October 17, 2009
Five Tips for Enhanced Sleep
Insomnia – a condition that causes problems both with falling asleep and staying asleep – affects millions of people. Since sleep medical professionals indicate insufficient sleep as a leading contributing factor to many common diseases, it’s evident that it’s not just a good idea but crucial to slumber well. Fortunately, those same sleep medical professionals have also exposed the conditions that determine our quality of sleep. Simple lifestyle adjustments can have you sleeping like a baby in no time. Here are five tips to explore before you even think about asking your doctor for a sleeping aid or buying one over the counter.
1. Indulge in good bedding. Getting a enjoyable night’s sleep may be as easy as getting a new sleeping surface. Due to the plush support and unique feature of contouring every curve of the body, many people find memory foam mattresses allow them to fully relax at night. Pamper yourself in the very best bed linens you can afford, too. Sheets with at least a 300 thread count are smooth and luxurious, and your blankets and comforters should provide the same feeling. Some mattress suppliers give away bonus sheets or comforters when you buy a new memory foam mattress, but these are normally of a cheaper quality as they are a free bonus. If you want quality, you most likely will have to pay for it.. A better idea is to invest in an adjustable bed mattress, so you can adjust your sleep position for ultimate comfort.

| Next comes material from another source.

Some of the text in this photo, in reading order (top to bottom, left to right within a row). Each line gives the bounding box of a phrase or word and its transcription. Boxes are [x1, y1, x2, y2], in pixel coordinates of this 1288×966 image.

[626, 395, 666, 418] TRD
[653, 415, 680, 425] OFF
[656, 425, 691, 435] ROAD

2. Put your body on a schedule. Going to bed and waking up at a set time everyday (yup, weekends too) helps your body get used to your sleeping pattern. After a while, it will “expect” to sleeping at a set time, and you possibly will not even need an alarm clock to get up for work. (You’ll find that your day starts out much better when you wake naturally rather than being jarred awake by an alarm.)
3. Create a contented sleeping environment. Experts recommend that your bedroom should be quiet and dark. Even the smallest bit of clatter or luminosity-such as your friendly alarm clock or a small night light-can disrupt sleep, even though the sleeper may not be conscious of it. Do what you have to: A sleep mask and room darkening blinds will screen out the light; earplugs and “soothing environmental sounds” like a rotating fan can help with disturbing noises. Seventy degrees is the optimal sleeping temperature. Make sure you don’t go above 75 or below 54.

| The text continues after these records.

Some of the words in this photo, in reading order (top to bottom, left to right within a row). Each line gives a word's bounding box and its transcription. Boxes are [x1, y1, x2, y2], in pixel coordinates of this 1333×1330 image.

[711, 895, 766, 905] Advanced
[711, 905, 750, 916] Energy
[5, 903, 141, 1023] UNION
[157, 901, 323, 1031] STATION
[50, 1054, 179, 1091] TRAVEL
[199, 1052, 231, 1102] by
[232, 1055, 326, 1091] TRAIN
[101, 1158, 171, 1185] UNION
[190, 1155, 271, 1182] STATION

4. Lighten up. Stress wreaks havoc on sleep. Find a way to relax prior to going to sleep. Do a bit of light reading, meditate, perform various gentle stretches, or take a warm bath.
5. Watch caffeine intake. Caffeine stays in your system longer than you might think-up to 8 hours. For better sleep, you should discontinue caffeine intake at least 6 hours before you go to sleep. Remember that cola drinks, most teas, and most desserts all contain enough caffine to interfere with your sleep.
Most people who have followed this advice immensely improved their sleep quality and therefore their quality of life. Give them a month’s trial and you too will reap the rewards of a peaceful night’s sleep.